What developers should now about WebLogic Server and HA:

Not only ADF based Java applications can benefit from WebLogic cluster, but any Java EE application can do so when deployed on a WebLogic cluster.
There are some settings and design principles to be taken in account so that the application can switch between the different nodes of the cluster.

There is a broad range of solutions that can apply to the WebLogic cluster:

• Auto Restart
• Session Replication
• Transaction Failover
• Clustered Messaging
• Server Migration
• Clusterware Integration
• Metadata split
• Online Deployment
• Rolling Redeployment
• Online Configuration Change
• Cluster Management
• Rolling Patching
• Shared Services Architektur

Oracle database 12c associated to WebLogic 12c enables another level in the HA with the Application Continuity feature allowing automated transaction replay making developer’s life easier.

You can find more information about WebLogic Cluster and HA on the following Oracle white papaer:

http://www.oracle.com/technetwork/middleware/weblogic/learnmore/1534212

Identity and Access Management:

This is one very sensitive subject where HA is key. Without proper availability of your access management, HA in your applications would be almost useless, as user won’t be able to use them.

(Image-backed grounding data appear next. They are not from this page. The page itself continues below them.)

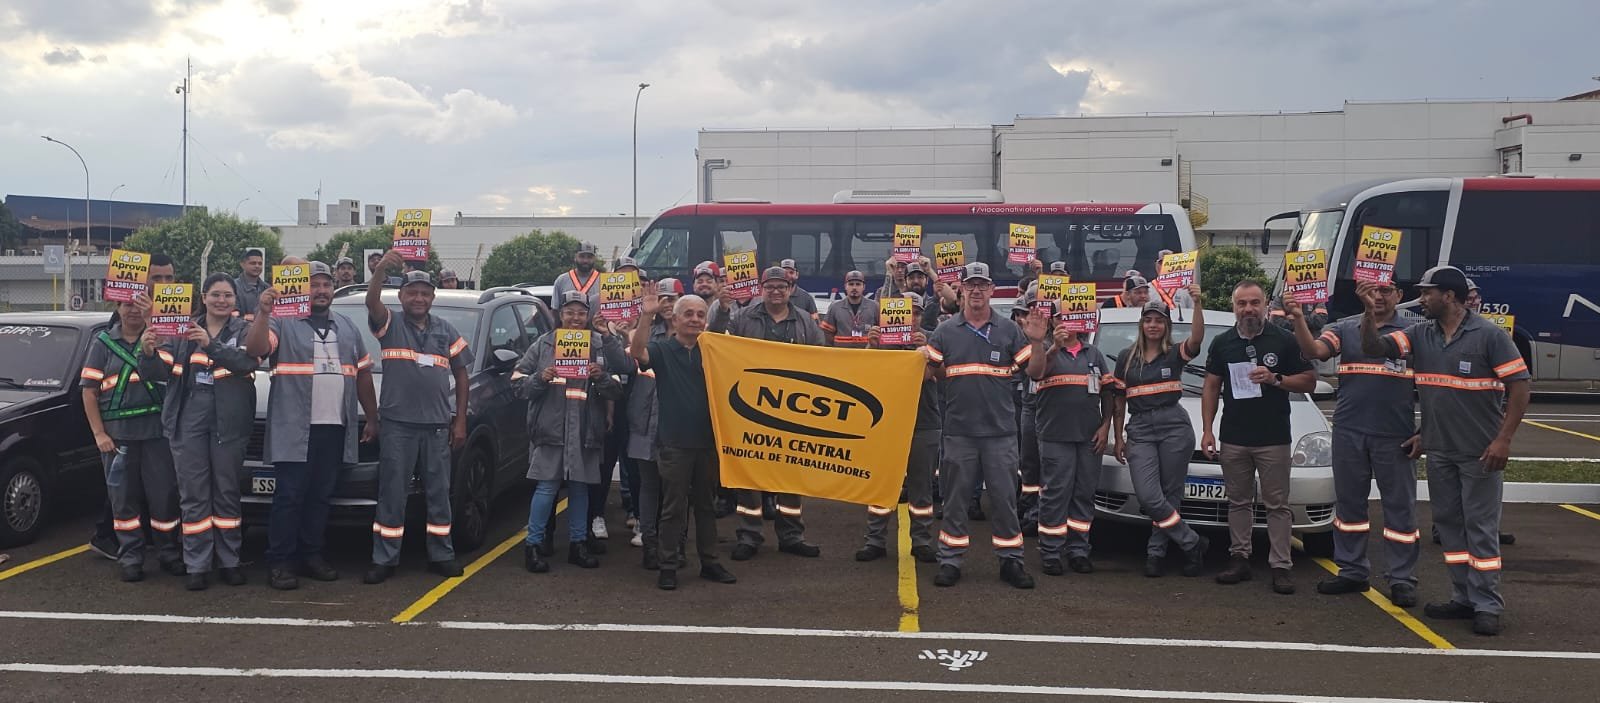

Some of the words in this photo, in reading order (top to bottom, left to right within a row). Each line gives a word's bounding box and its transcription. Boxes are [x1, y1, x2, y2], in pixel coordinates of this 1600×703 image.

[397, 220, 428, 228] Aprova
[400, 228, 420, 237] JÁ!
[1010, 232, 1034, 240] Aprova
[1016, 239, 1030, 247] JÁ!
[1362, 238, 1397, 250] Aprova
[936, 250, 962, 258] Aprova
[1366, 249, 1388, 262] JÁ!
[112, 260, 147, 272] Aprova
[942, 257, 958, 266] JÁ!
[728, 263, 755, 272] Aprova
[1168, 264, 1187, 272] JÁ!
[1288, 263, 1324, 272] Aprova
[116, 270, 138, 281] JÁ!
[734, 270, 750, 280] JÁ!
[1296, 270, 1317, 282] JÁ!
[274, 276, 308, 285] Aprova
[280, 284, 302, 294] JÁ!
[607, 290, 624, 300] JÁ!
[1044, 291, 1061, 300] JÁ!
[1063, 294, 1095, 302] Aprova
[155, 295, 190, 305] Aprova
[160, 303, 182, 314] JÁ!
[1069, 302, 1088, 311] JÁ!
[882, 308, 911, 316] Aprova
[887, 315, 905, 324] JÁ!
[558, 340, 588, 348] Aprova
[563, 348, 582, 357] JÁ!
[756, 386, 856, 421] NCST
[742, 432, 783, 449] NOVA
[788, 439, 853, 462] CENTRAL
[722, 446, 765, 460] SINDICAL
[768, 454, 782, 462] DE
[785, 454, 872, 480] TRABALHADORES

But this is also one of the most complex environment to make HA, in the Oracle landscape, because of all the bricks put together:
– Oracle Internet Directory (OID)
– Oracle Access Management (OAM)
– Oracle Virtual Directory (OVD)
– Metadata Services (MDS)
– Oracle Platform Security Services (OPSS)
– Oracle Entitlement Server (OES)
… and more

You can find details about HA for Identity and Access management on the Oracle website:

http://docs.oracle.com/cd/E40329_01/doc.1112/e28391/toc.htm

Oracle DB – the basement:

Fusion Middleware applications are refering to databases which also need to be HA if the application layer wants to provide HA.
The Oracle database provides several solutions for the HA of which mainly:
– Real Application Cluster (RAC)
– Data Guard
Both can be used seperately, but also combined.
HA solutions can also be implemented on storage level and/or hardware.
Other option is to use third party solutions like Db Visit (http://www.dbvisit.com/) which can leverage HA on an Oracle standard edition and spare the additional costs of an Enterprise edition.

 

As HA is mostly synonym of complex environments, I hope you will enjoy setting-up them and please your end users in hidding failures.